Innovations (especially the most disruptive ones) need time to become established, convince consumers and find their ‘audience’ / target, but they do not always have the chance to do so: in an economic world dominated by short terms requirements, innovations that are slow to cut through generate impatience and are rapidly delisted, to be replaced by those whose sales are better initially even though they might only be a flash in the pan.
The result is that manufacturers have started proposing to retailers purely tactical innovations (an umpteenth classic fragrance for example). Although these innovations have the advantage of injecting dynamism into the range in the short term and occupying extra shelf space thereby hampering the competition, they do not generate sufficient incremental sales (no cannibalisation) in the long term. This is because consumers’ real expectations have not been put at the centre of product development in these innovations.

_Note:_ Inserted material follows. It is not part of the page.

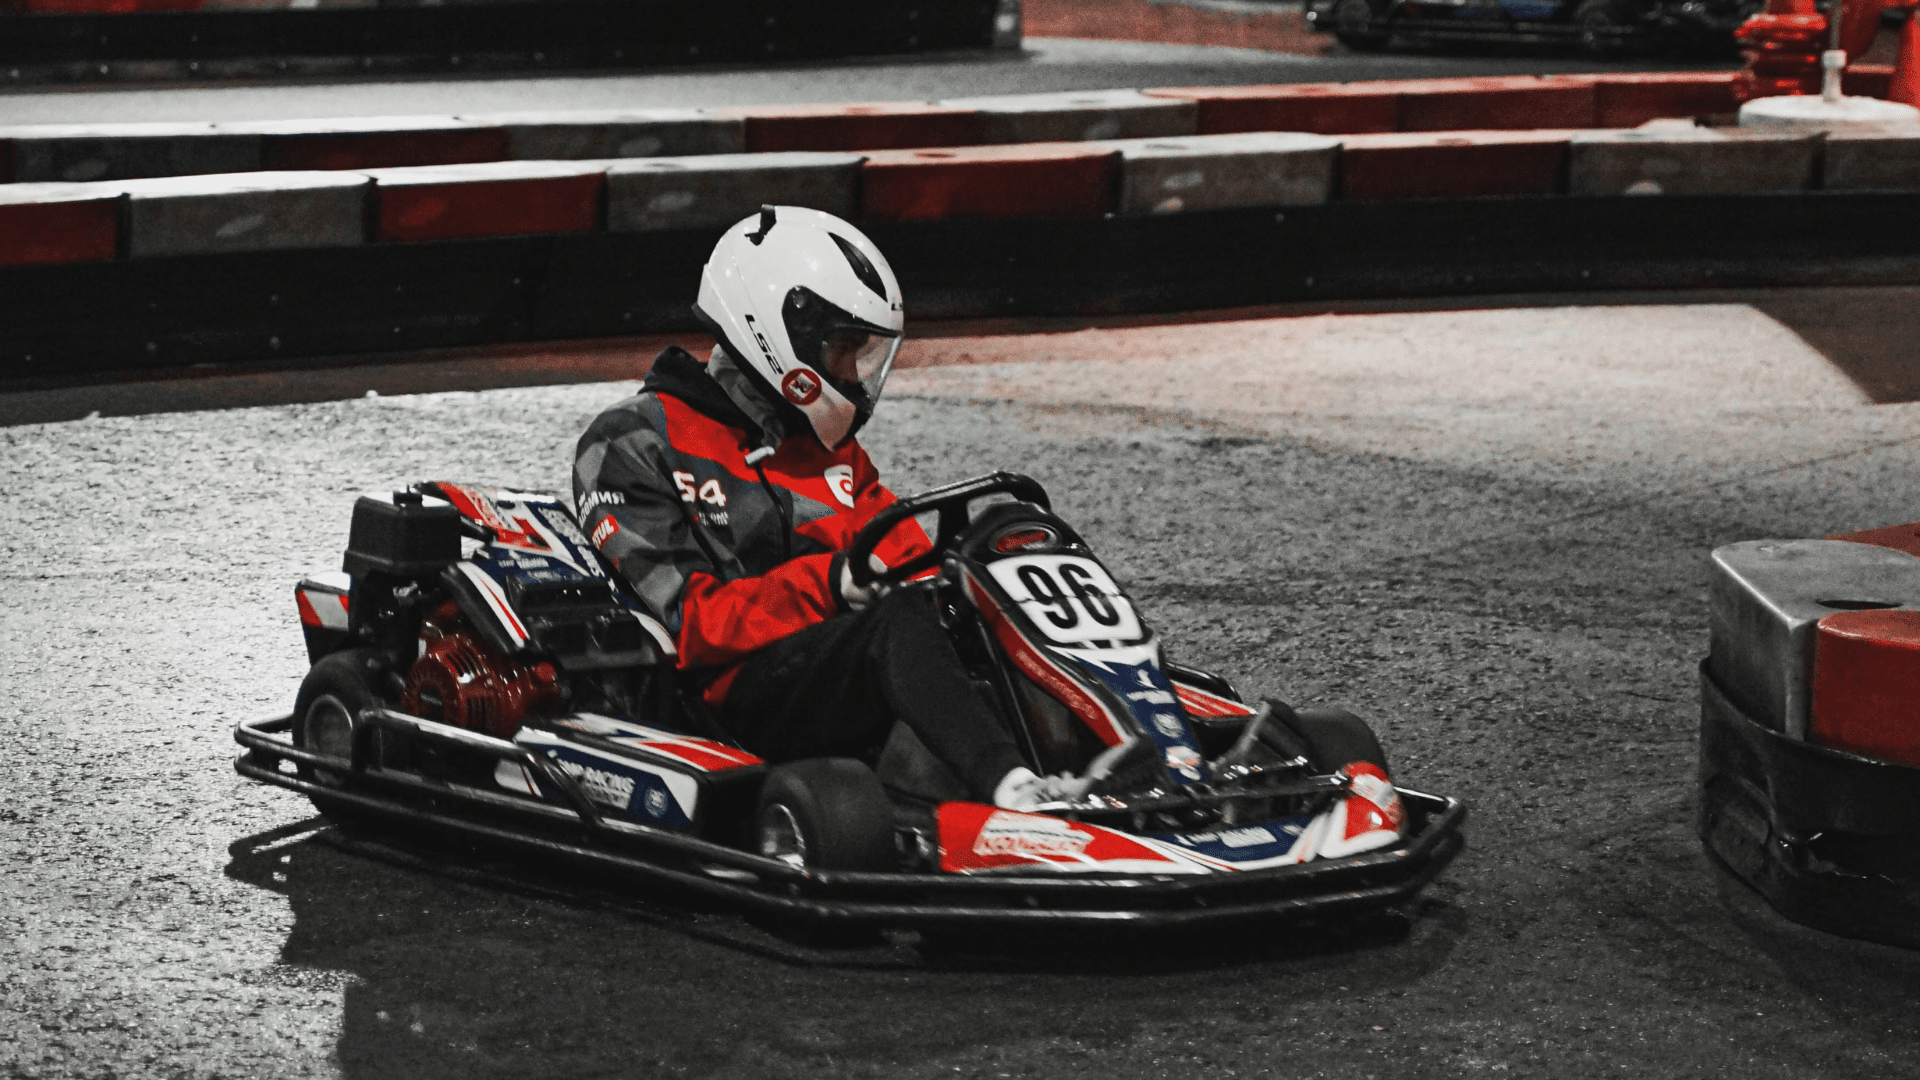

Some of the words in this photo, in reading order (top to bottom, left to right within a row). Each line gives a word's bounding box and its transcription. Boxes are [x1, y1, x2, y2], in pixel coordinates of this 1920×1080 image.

[745, 314, 784, 375] LS2
[673, 469, 727, 507] 54
[1017, 563, 1120, 629] 96

It is also sometimes the case that the innovation is born of a specific know-how that the manufacturer wishes to ‘impose’ as it stands on consumers,without consumers having really expressed the need for it.
To back up these observations,the new concept tests conducted by TNS reveal that 43% of failures are due to a mismatch between the promise of the new product and consumers’ expectations:
Therefore, when it comes to innovation, it seems essential to us to get back to basics by developing an offer that matches demand.This is precisely what the Matrix technique proposes, the main aim of which is to identify growth opportunities for companies.

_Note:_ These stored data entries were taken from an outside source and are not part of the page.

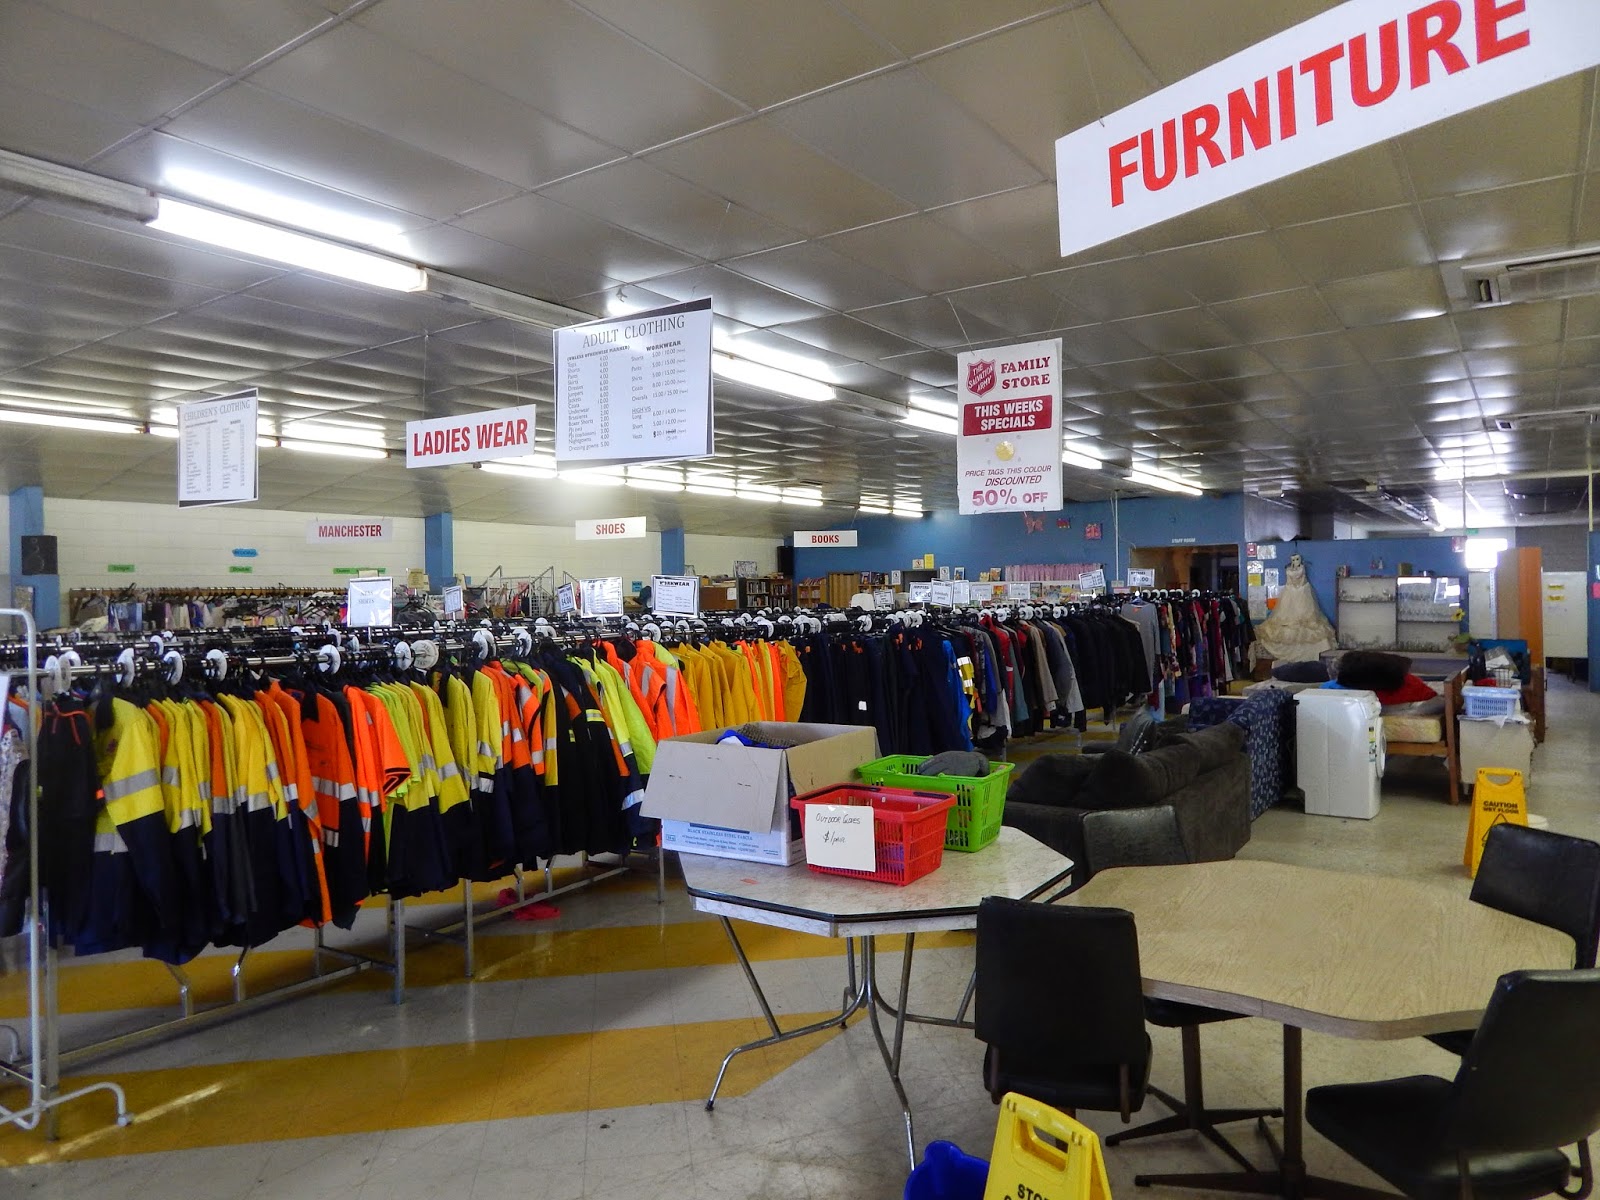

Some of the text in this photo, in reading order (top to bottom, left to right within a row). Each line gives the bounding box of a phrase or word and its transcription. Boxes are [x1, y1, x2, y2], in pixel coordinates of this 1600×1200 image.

[1108, 0, 1530, 208] FURNITURE
[582, 315, 685, 348] ADULT CLOTHING
[646, 340, 681, 351] WORKWEAR
[973, 364, 983, 376] THE
[1001, 356, 1050, 373] FAMILY
[968, 365, 993, 388] SALVATION
[977, 376, 991, 392] ARMY
[1002, 374, 1050, 389] STORE
[220, 400, 250, 414] CLOTHING
[975, 400, 1043, 417] THIS WEEKS
[981, 415, 1035, 431] SPECIALS
[413, 418, 528, 457] LADIES WEAR
[1024, 465, 1051, 473] COLOUR
[985, 475, 1042, 486] DISCOUNTED
[972, 489, 1048, 506] 50% OFF
[318, 524, 382, 538] MANCHESTER
[595, 523, 626, 535] SHOES
[811, 535, 840, 544] BOOKS
[1018, 1183, 1050, 1200] ST

The first objective of Matrix is to identify consumers’ need states in a given market. In-depth consumer segmentations also enable us to define what clusters of consumers express what types of need.
These need states are then compared with the performances of the existing offer to identify the gaps, which are also innovation opportunitiesfor the company.
But consumers have become more demanding than ever. For example, a few years ago, they were already no longer content with just a mobile telephone that had multiples functions for making & receiving calls. Instead, they wanted their mobile to be a ‘life tool’ in its own right, that would enable them to surf on the internet, listen to music, play video games, take photos & videos, etc…
In short, if an innovation is to be a winning one, it cannot afford to simply fulfil one needstate only; its future success depends on it simultaneously fulfilling a series of needs to appeal to consumers.This is precisely the strength of Matrix: detecting what combination of needs the innovation must meet to fill the gaps in the existing offer.
The final information delivered by Matrix is in the form of growth platforms that describe the main attributes winning innovations need to have.
In other words, Matrix identifies the main routes an innovation needs to take to be a great success. The method therefore avoids marketing teams scattering in different, sometimes random, directions when it comes to innovation. Instead, it focuses their human, financial and industrial means in the right direction.
A quantitative Matrix study is followed by an Insight generation stage (what consumer-tension does my innovation need to overcome?) and Idea generation stage (what precise characteristics does my innovation need to have?) to build the new product / service.